By Robin Gordon Taft

Robin’s chickens at Pine Hollow Farm in North Clarendon/ Pine Hollow Farm Photo

Robin’s chickens at Pine Hollow Farm in North Clarendon/ Pine Hollow Farm Photo

Each Saturday I am asked the same questions. Folks who are considering buying some of our chicken or pork at the farmer’s market want to know: “What are they fed? Are they able to go outside? How are they butchered?”

The way we raise our animals is important to our customers and we always encourage folks to visit our farm. We are confident that they will like what they see and we like showing off all that we are doing. But often I meet someone whose questioning goes a bit deeper.

“How can you kill and eat the animals you have raised?”
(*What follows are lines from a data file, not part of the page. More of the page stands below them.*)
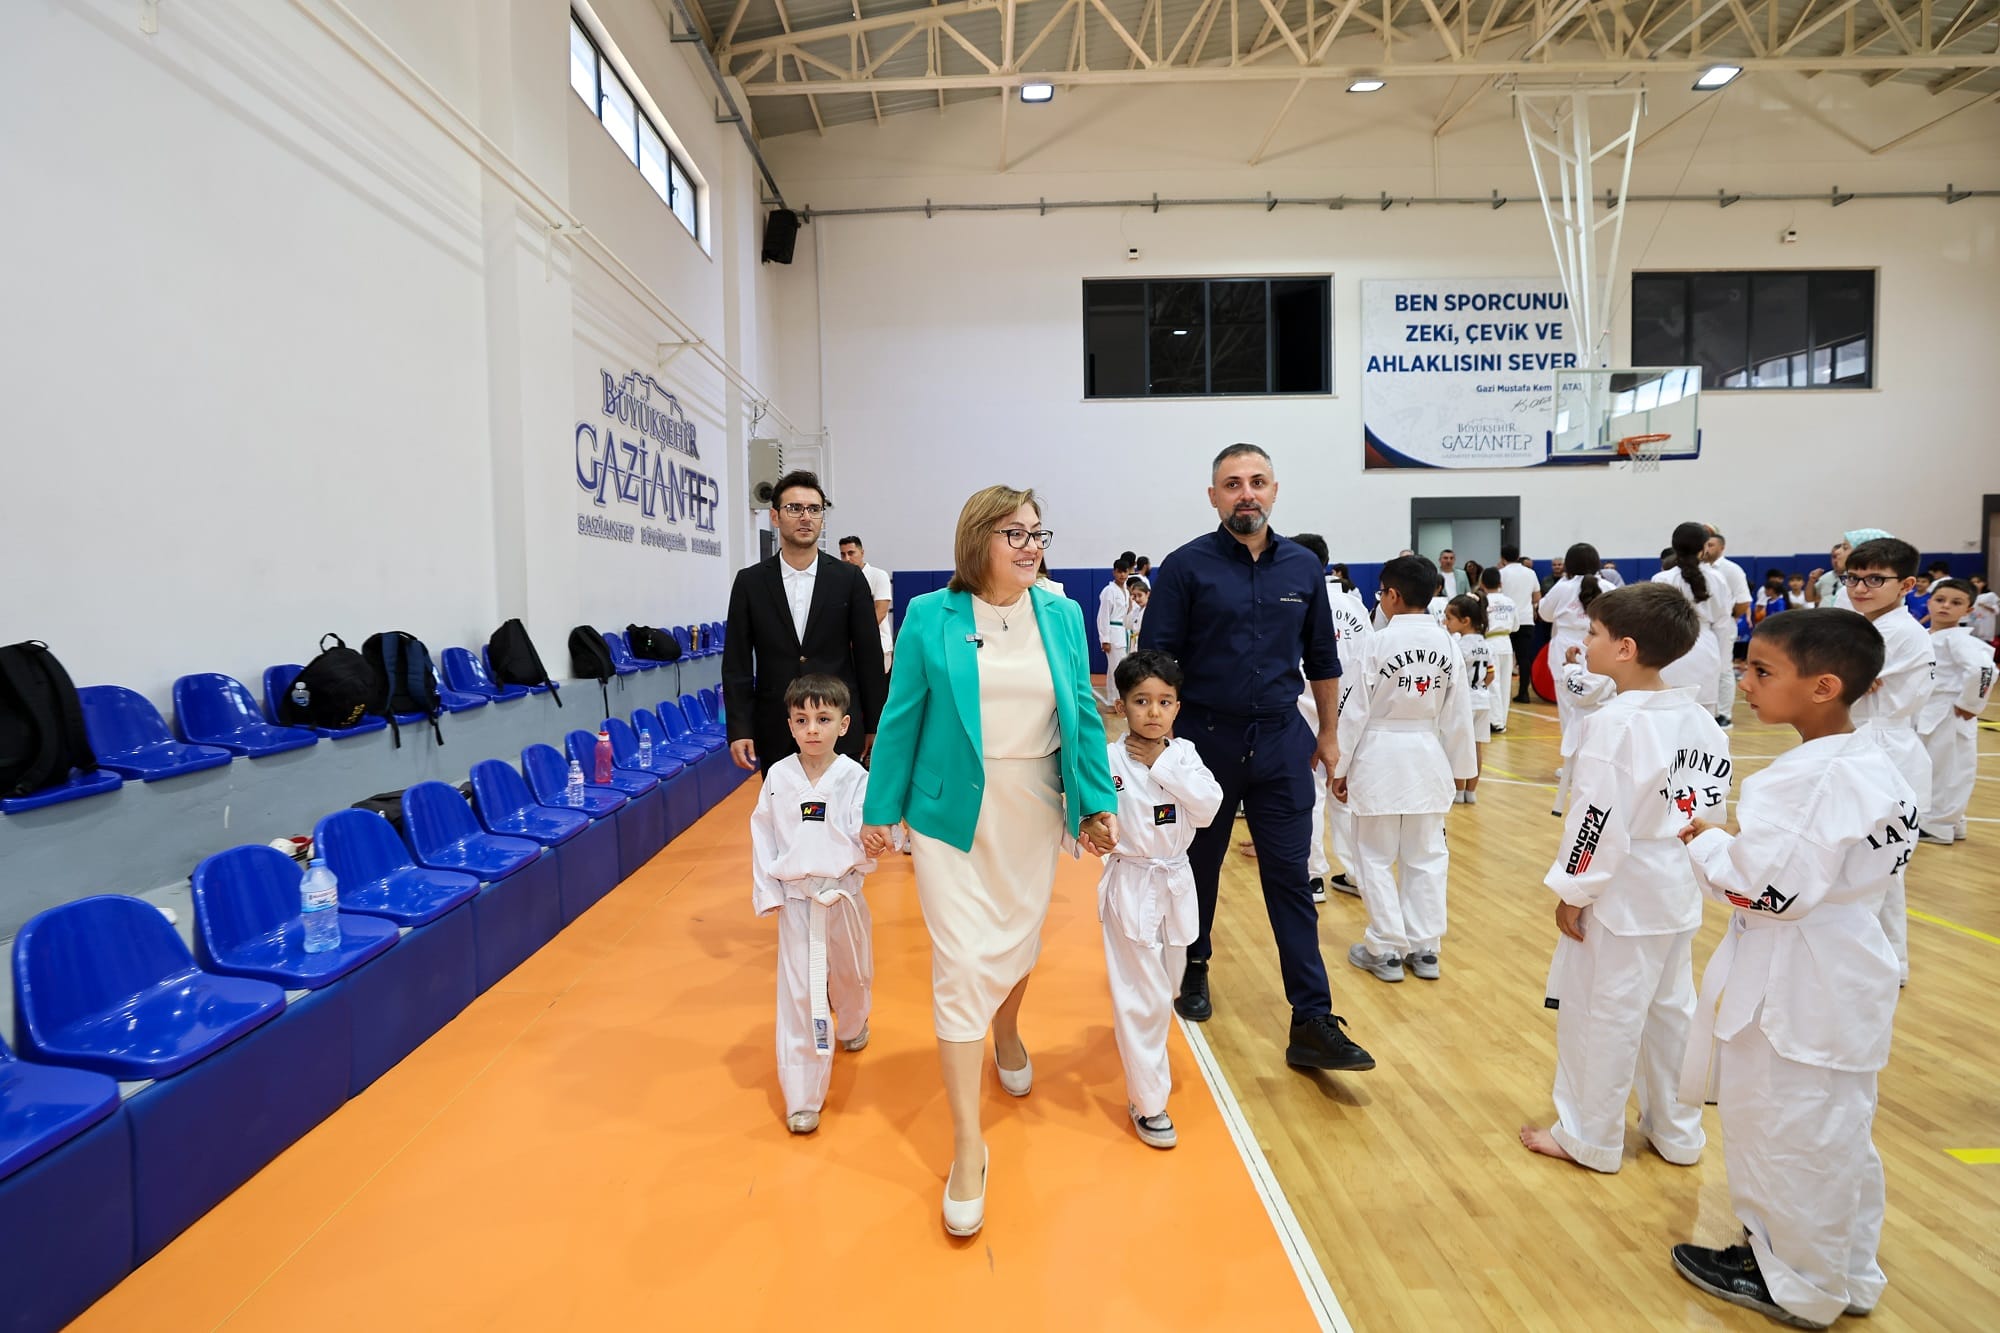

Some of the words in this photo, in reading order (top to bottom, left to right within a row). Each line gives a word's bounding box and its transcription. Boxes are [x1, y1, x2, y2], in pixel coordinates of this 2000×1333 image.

[1395, 294, 1438, 311] BEN
[1535, 323, 1563, 340] VE
[1366, 354, 1502, 373] AHLAKLISINI
[1476, 384, 1495, 393] Gazi
[1497, 383, 1531, 392] Mustafa
[1533, 383, 1553, 392] Kem
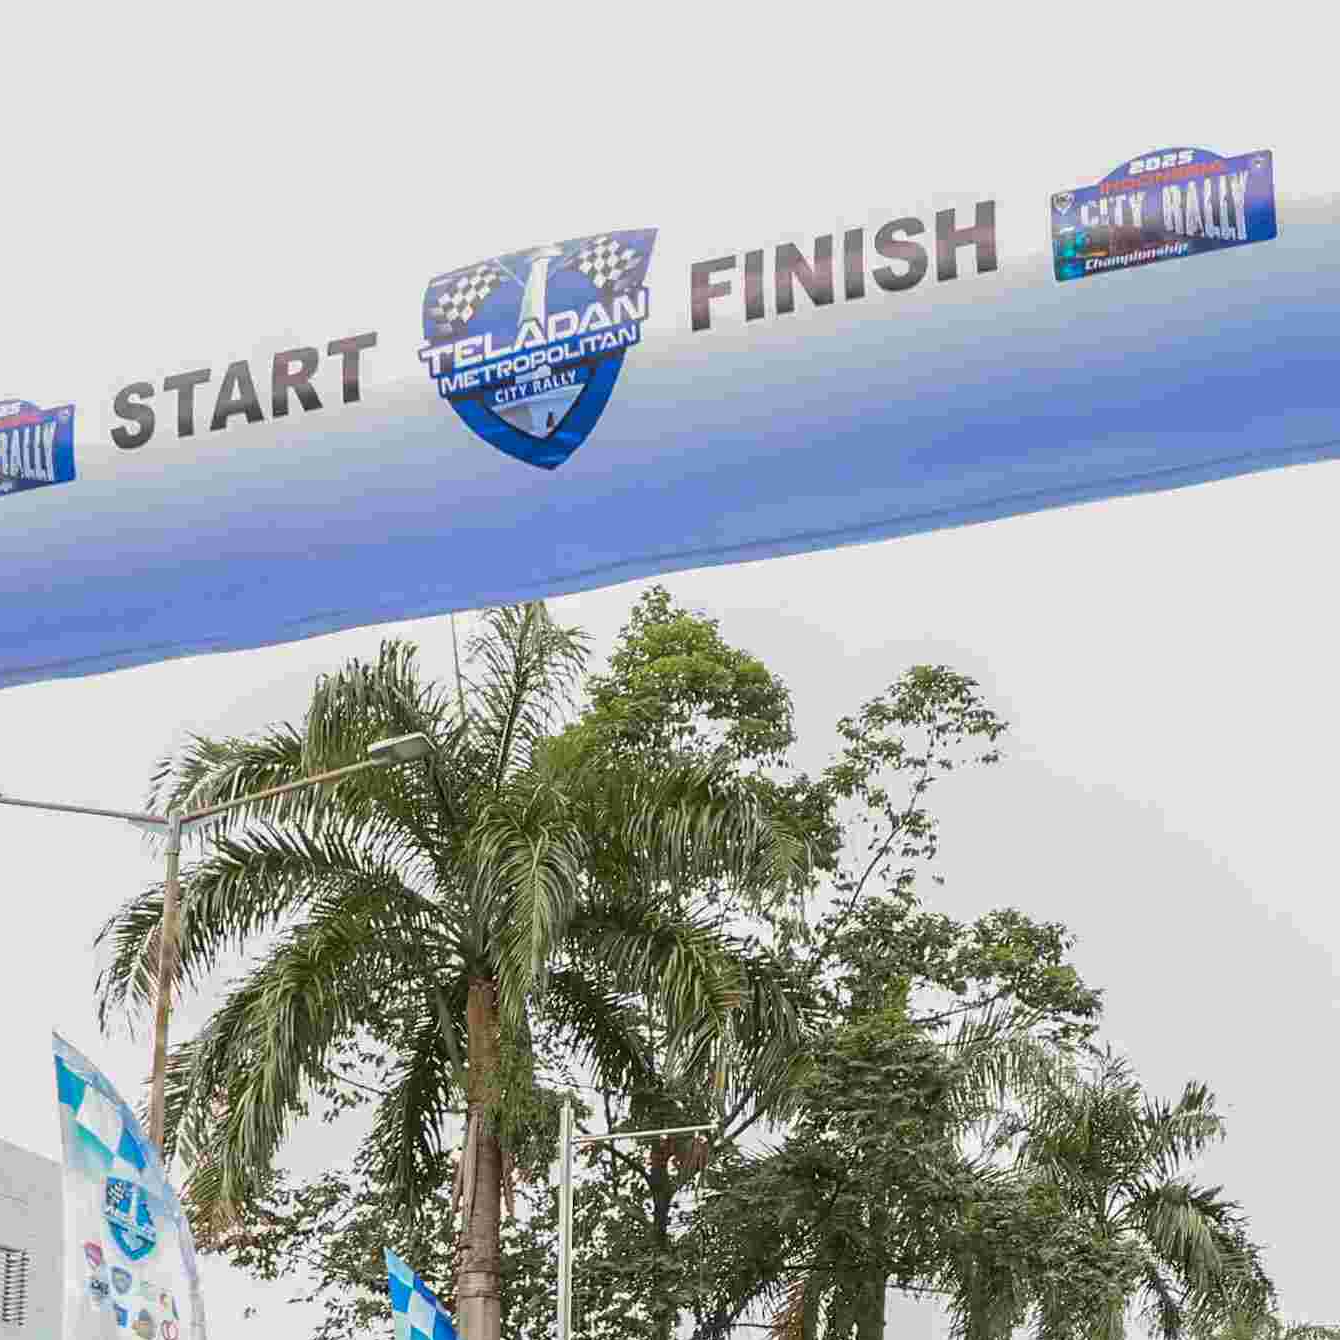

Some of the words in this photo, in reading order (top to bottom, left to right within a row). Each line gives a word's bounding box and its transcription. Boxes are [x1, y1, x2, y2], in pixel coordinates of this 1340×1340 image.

I could dodge that one by telling them that my husband does most of the actual butchering. I have never wielded the knife. Neither have I eviscerated the killed birds I have raised since they were less than 48 hours old.

But I have caught them and delivered them to the butchering area. Turns out, I am kind of good at that. As to the actual killing, I am an observer who has become accustomed to the rituals of ending the life of a living thing in order to feed myself and others. And I feel okay about that. As a matter of fact, I feel very good about all we do to bring our birds to market.

I’m sure my customers have learned something about heritage breeds, Vermont Department of Agriculture regulations, brining poultry, and more than they ever wanted to know about bird and pig rearing through our conversations. But I’ve learned something too. I’ve learned that, whether they know it or not, the folks who want to know about the treatment of the animals they might eat are conscious carnivores.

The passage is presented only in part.